A further object of the present invention is to provide a transport means capable of properly cleaning the soil resulting from adhesion of ink and the like thereon, and a recording apparatus having the transport means.
A still further object of the present invention is to provide a recording apparatus capable of minimizing the amount of ink jetted onto a conveyor belt when jamming or the like happens in a belt conveyor station in order to solve the above problems.
In one aspect of the invention, there is provided a transport device for use in a recording apparatus including a recorder for recording onto a recording material and detection means for detecting recording material. The transport device includes a conveyor belt having a first conductive or semiconductive layer discriminable from a recording material by the detection means, a second insulating layer below the first layer and a third conductive layer below the second layer. A drive means drives the belt and a charging means charges the belt as it is driven.
In a second aspect of the invention, there is provided a recording apparatus in which a recording material is conveyed by an endless charged belt and a recording head records on the recording material in a predetermined recording region. Detection means detect a jam of the recording material in the recording region. The conveyor belt includes a first layer made of a conductive or semiconductive material having a thickness of 5 to 30 μm and a volume resistivity value lower than a predetermined value and which is discriminable from a recording material by the detection means. A second insulating layer is below the first layer and a third conductive layer is below the second layer. Cleaning means are disposed downstream of the recording region and in contact with the conveyor belt to clean the surface of the conveyor belt.
In still another aspect of the invention, there is provided a recording apparatus for performing recording onto a recording material by means of an ink jet head for jetting ink onto said recording material. Detection means detect a jam of the recording material, transport means transports the recording material, cleaning means clean ink from the transport means, and control means controls a cleaning operation by the cleaning means in accordance with the amount of ink jetted from the ink jet head after detection of the jam by the detection means.

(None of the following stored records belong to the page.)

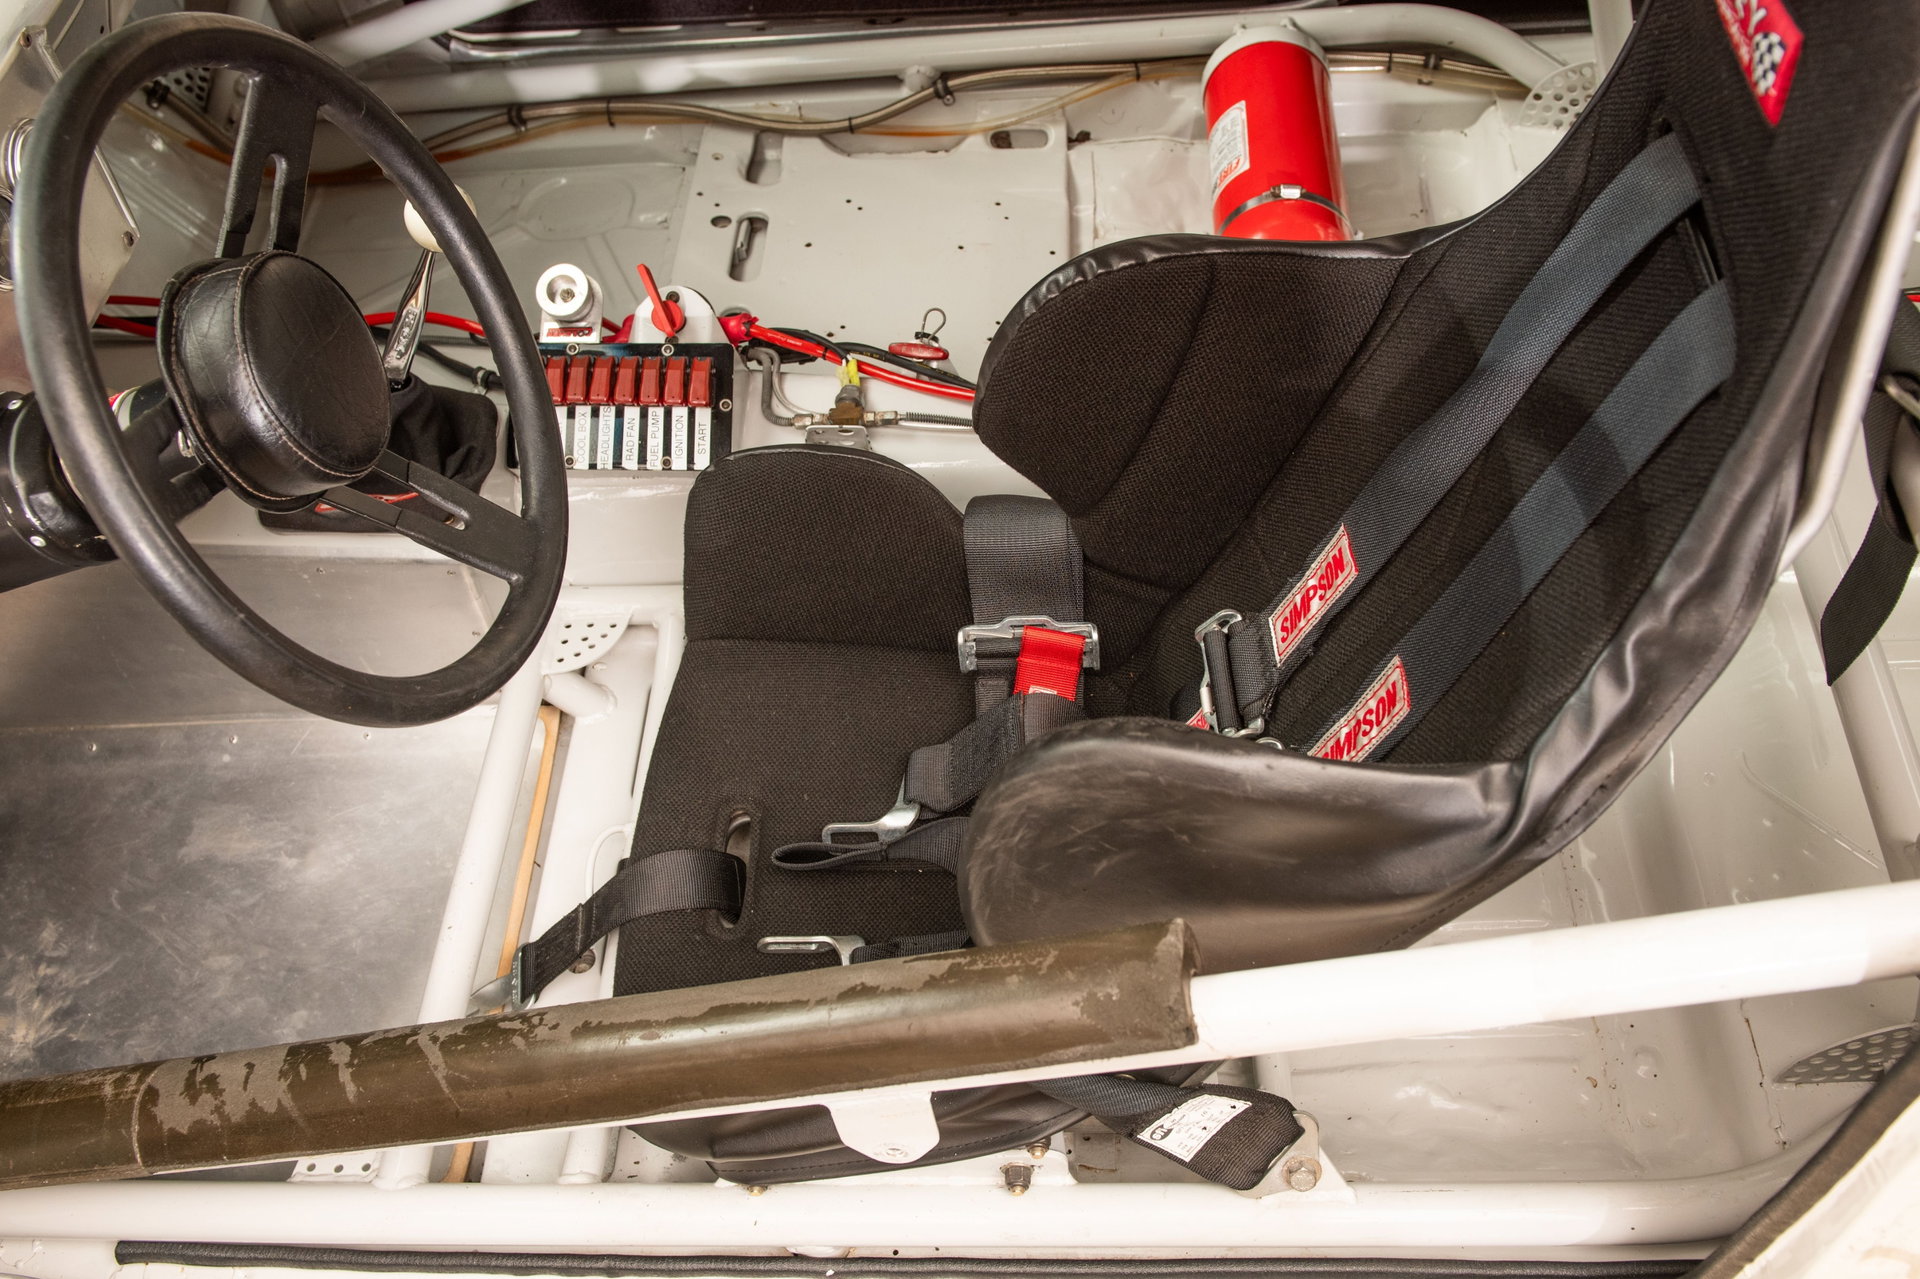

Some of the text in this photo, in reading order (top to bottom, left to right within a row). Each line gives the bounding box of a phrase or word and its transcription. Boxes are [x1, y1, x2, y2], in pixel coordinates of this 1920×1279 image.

[576, 411, 588, 464] COOL BOX
[599, 406, 612, 470] HEADLIGHTS
[624, 417, 636, 461] RAD FAN
[649, 410, 661, 468] FUEL PUMP
[674, 415, 685, 459] IGNITION
[697, 422, 708, 455] START
[1280, 547, 1345, 644] SIMPSON

FIG. 1 is a side view showing the construction of a color ink jet recording apparatus which has been suggested by the applicant of the present invention;
FIG. 2 is a view showing the construction of a conveyor belt of the color ink jet recording apparatus;
FIG. 3 is a side view showing the construction of an embodiment of the present invention;
FIG. 4 is a side view showing the construction of a conveyor belt according to the present invention;
FIGS. 5, 6 and 7 are flowcharts of cleaning operations;
FIG. 8 is a block diagram of an ink jet recording apparatus to which a preferred embodiment is applied; and
FIG. 9 is a look-up table stored in memory.

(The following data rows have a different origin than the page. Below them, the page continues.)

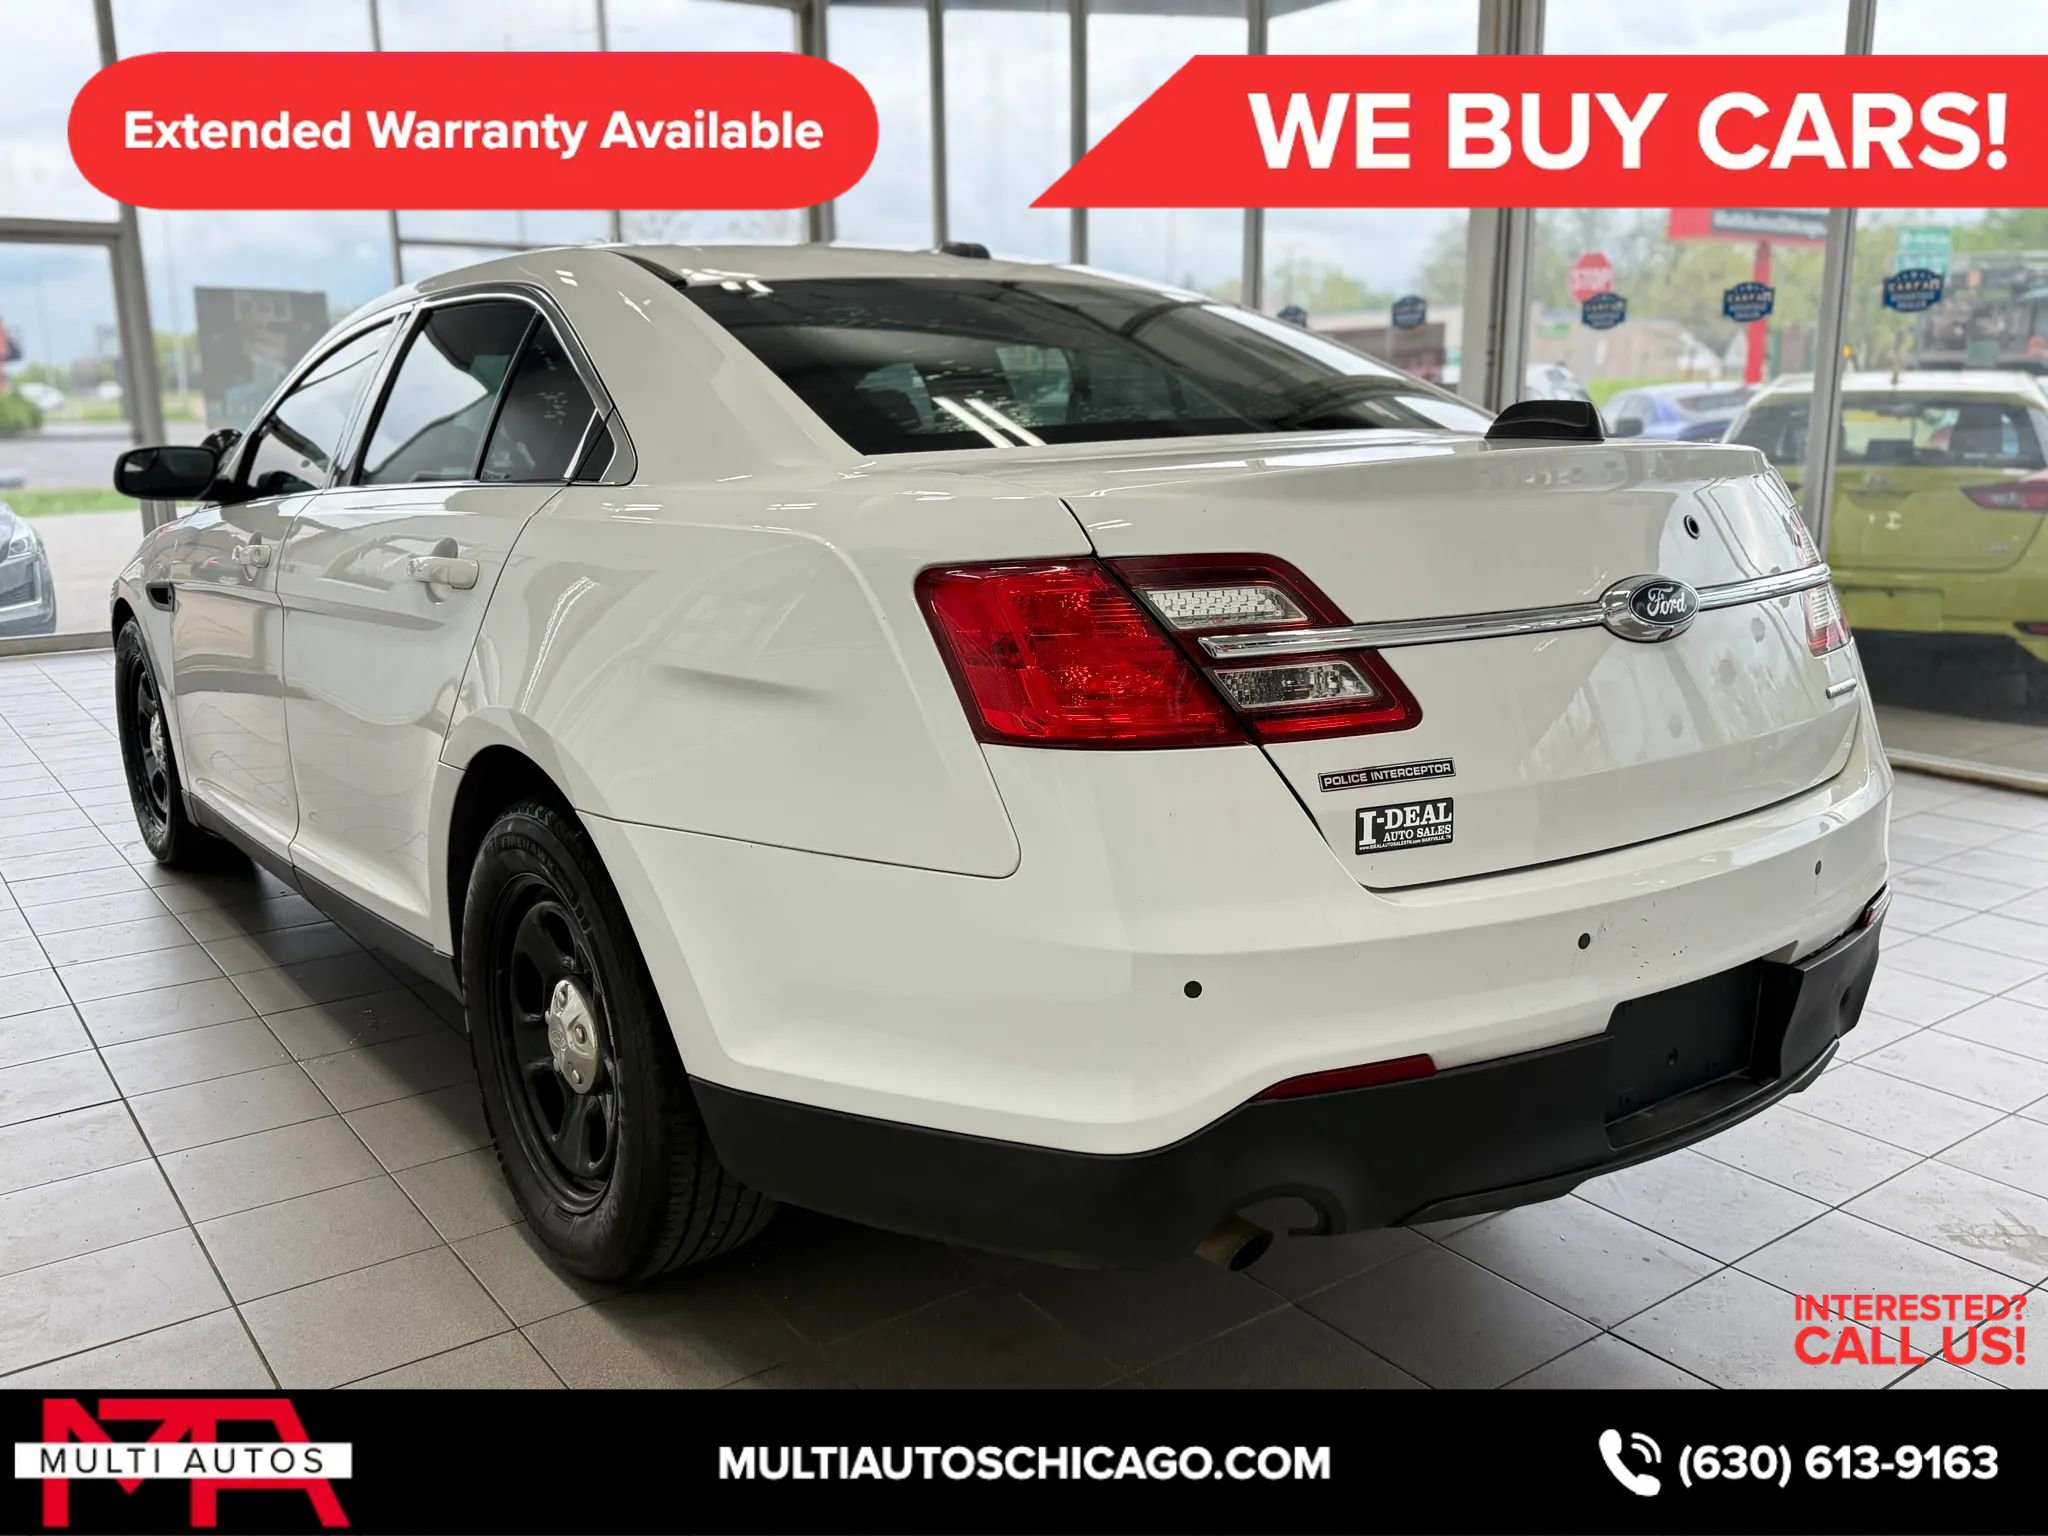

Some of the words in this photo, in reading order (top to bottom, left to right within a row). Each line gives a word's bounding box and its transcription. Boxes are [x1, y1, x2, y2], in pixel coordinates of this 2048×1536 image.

[1646, 586, 1687, 617] Ford
[1324, 772, 1368, 787] POLICE
[1371, 762, 1452, 781] INTERCEPTOR
[1359, 802, 1452, 846] I-DEAL
[1383, 829, 1414, 842] AUTO
[1417, 824, 1452, 838] SALES

Preferred embodiments of the present invention will now be described in detail and specifically with reference to the drawings.

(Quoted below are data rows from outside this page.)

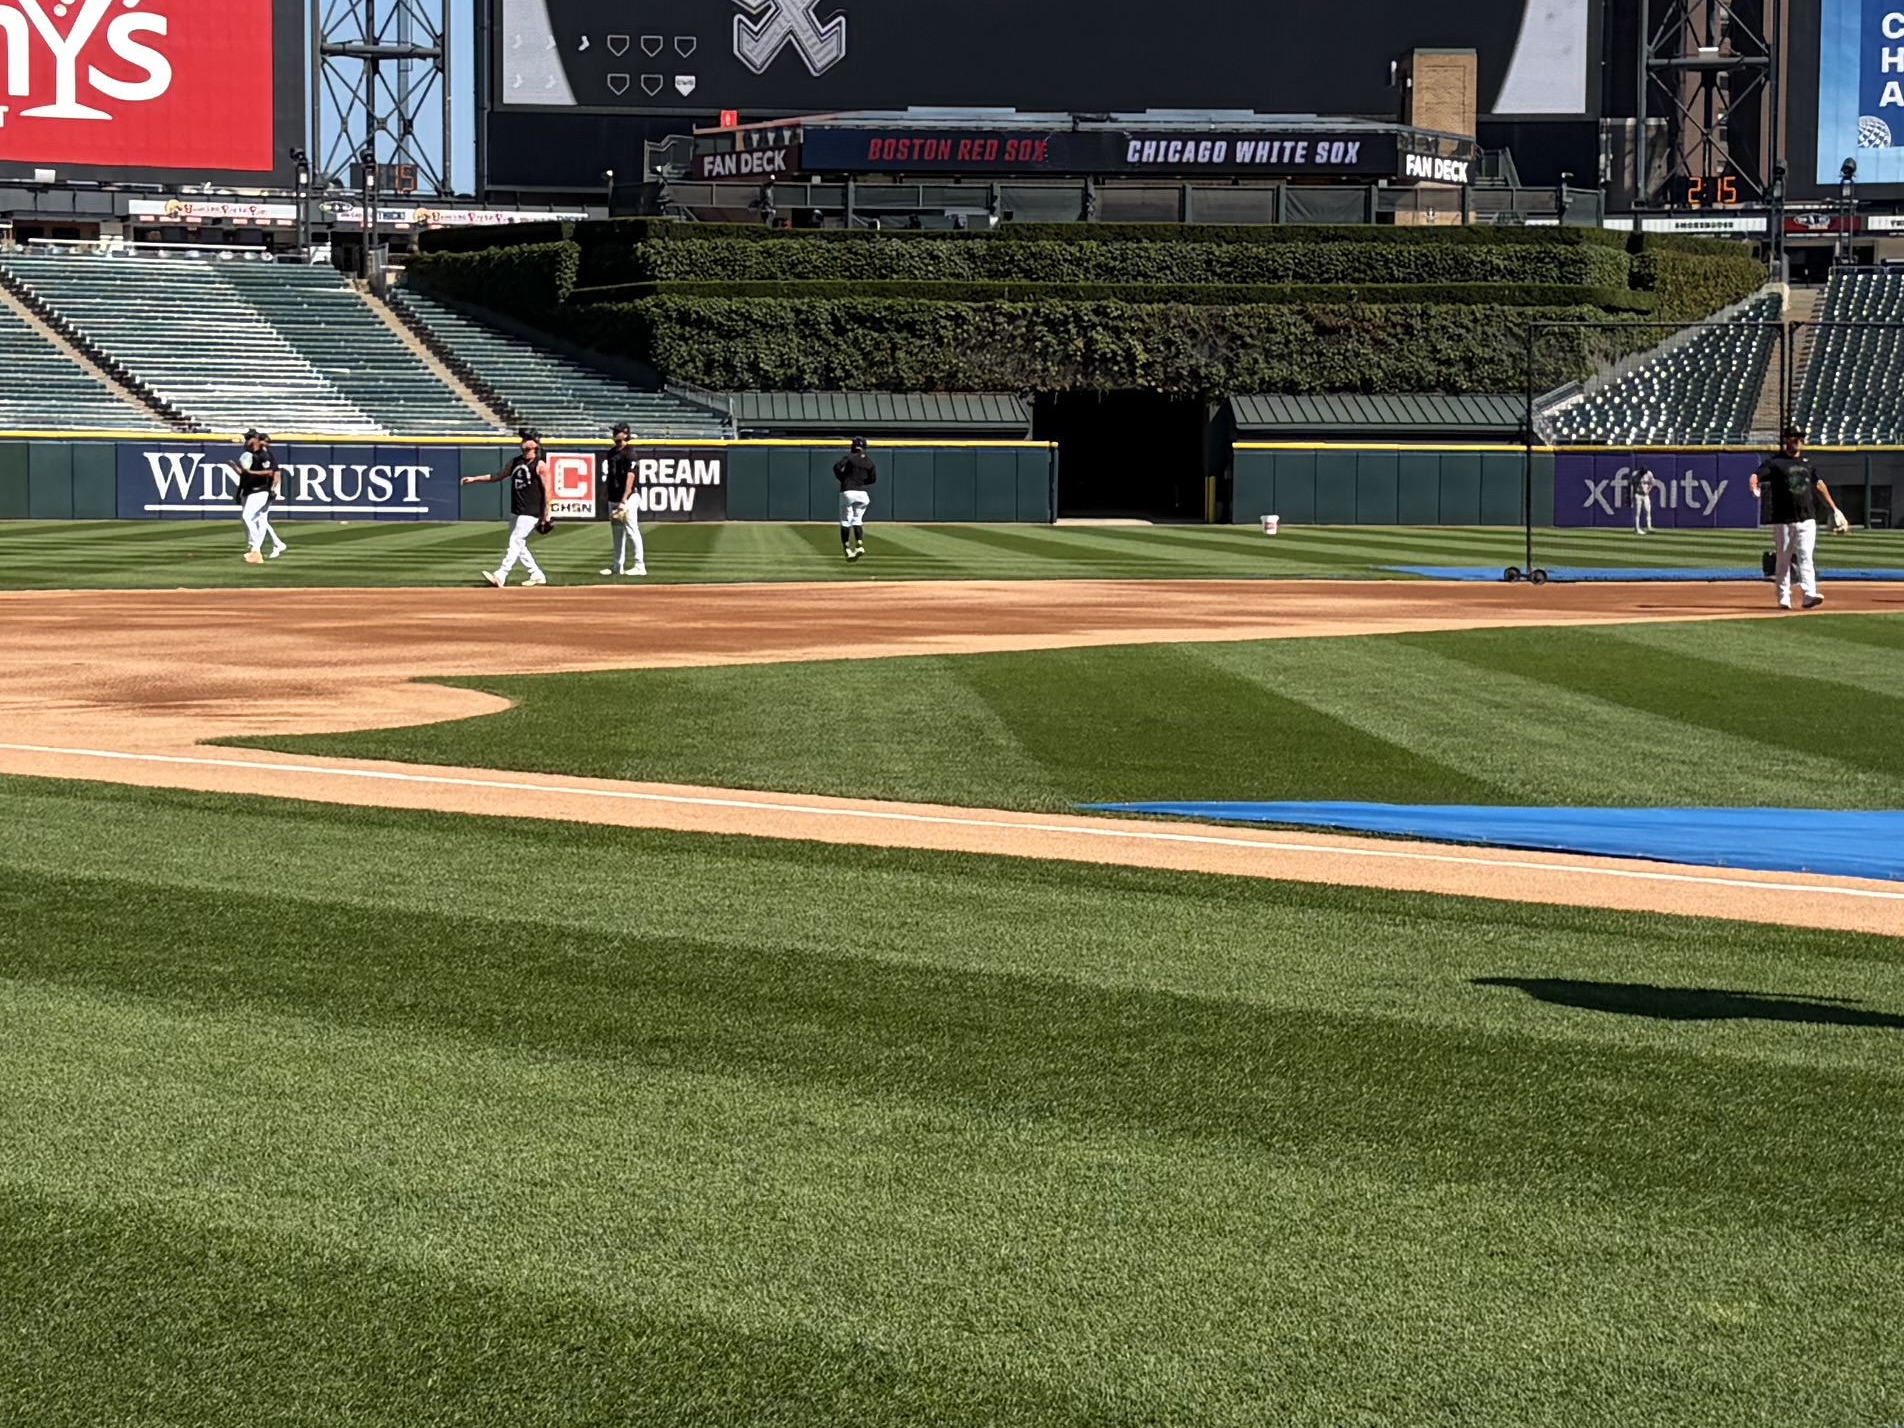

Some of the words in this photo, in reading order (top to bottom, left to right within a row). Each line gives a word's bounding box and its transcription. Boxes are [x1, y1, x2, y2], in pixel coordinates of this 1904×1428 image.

[703, 153, 737, 176] FAN
[740, 149, 786, 173] DECK
[867, 137, 947, 161] BOSTON
[957, 139, 997, 161] RED
[1004, 139, 1047, 161] SOX
[1127, 140, 1227, 163] CHICAGO
[1235, 140, 1306, 164] WHITE
[1314, 141, 1361, 164] SOX
[1406, 154, 1433, 177] FAN
[1435, 160, 1468, 183] DECK
[1688, 176, 1737, 204] 2:15
[602, 459, 720, 485] REAM
[1583, 466, 1728, 515] xfnity

FIG. 3 shows an embodiment to which the present invention is applied. The main parts concerned with a recording operation, including a recording head unit 220 and a belt conveyor station 210, will first be described in detail. Upper and lower guide plates 205A and 205B lead a recording sheet fed out from resist rollers 204 onto a conveyor belt 211. Electrode springs 214A are disposed at both ends of charging roller 214 so as to press charging roller 214 against conveyor belt 211, and electrode springs 214A are connected to an unillustrated high voltage power supply. At the same time that recording sheet 203 reaches the resist rollers 204 and conveyor belt 211 starts to be driven by a drive motor 102M (shown in FIG. 8), a voltage of several KV is applied to charging roller 214 via electrode springs 214A from the high voltage power supply, thereby charging the surface of the conveyor belt 211.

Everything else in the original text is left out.